- Born: Lisa Marie White 24 May 1993 (age 31)^{[citation needed]} Singapore
- Height: 173 cm (5 ft 8 in)
- Beauty pageant titleholder
- Title: Miss Singapore Universe 2015
- Hair color: Black
- Eye color: Brown
- Major competition(s): Miss Singapore Universe 2015 (Winner) Miss Universe 2015 (Unplaced)

= Lisa Marie White =

Singaporean model and beauty pageant titleholder

Lisa Marie White (born 24 May 1993) is a Singaporean model and beauty pageant titleholder who won the title of Miss Singapore Universe 2015 and represented Singapore at the Miss Universe 2015 pageant.

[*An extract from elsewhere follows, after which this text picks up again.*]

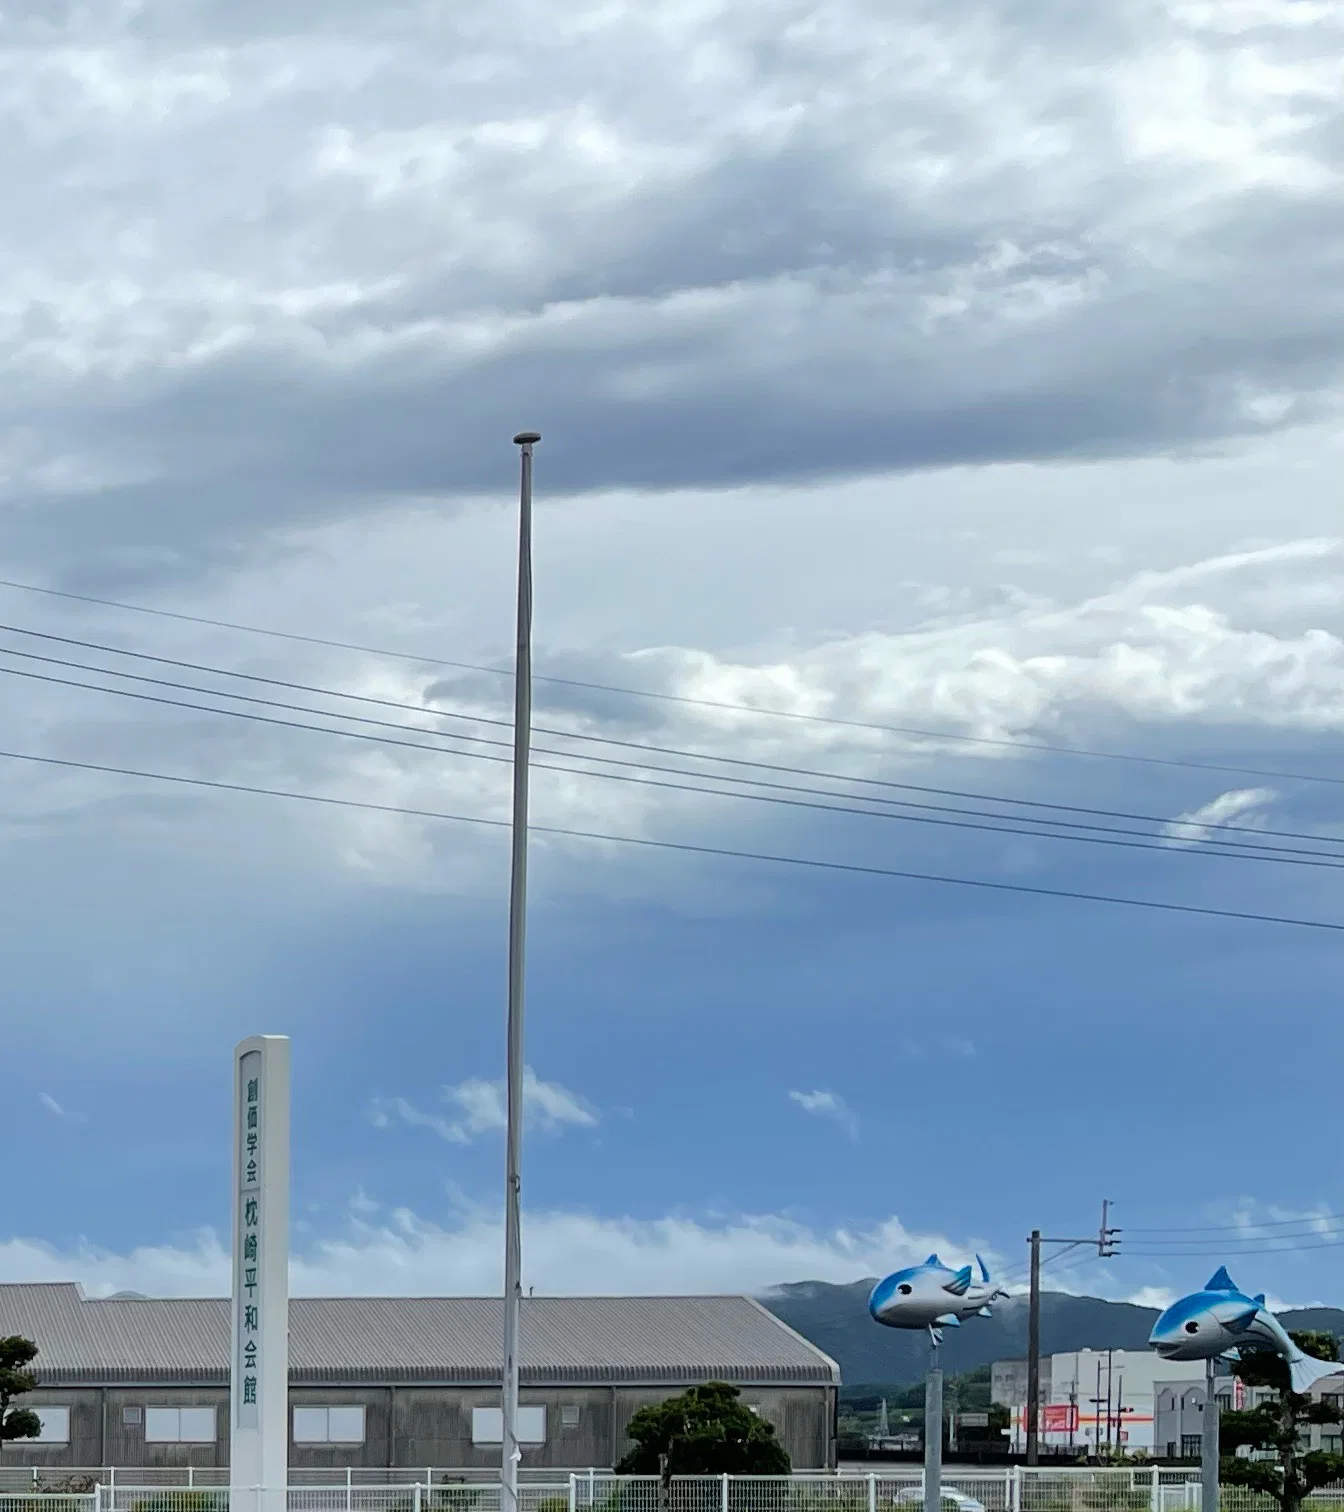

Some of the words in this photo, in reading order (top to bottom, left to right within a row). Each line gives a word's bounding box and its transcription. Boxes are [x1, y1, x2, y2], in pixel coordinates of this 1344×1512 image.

==Early life and education==
White is born to a New Zealand father and a Singaporean mother, a speech and drama teacher. She was a student in Holy Innocents' High School from 2006 to 2009. She studied visual merchandising at Institute of Technical Education (ITE) College Central.

== Pageant career ==
On 19 September 2015 Lisa was crowned Miss Singapore Universe 2015 in Amber Lounge, Singapore. She was chosen in a closed-door recruitment and selection process.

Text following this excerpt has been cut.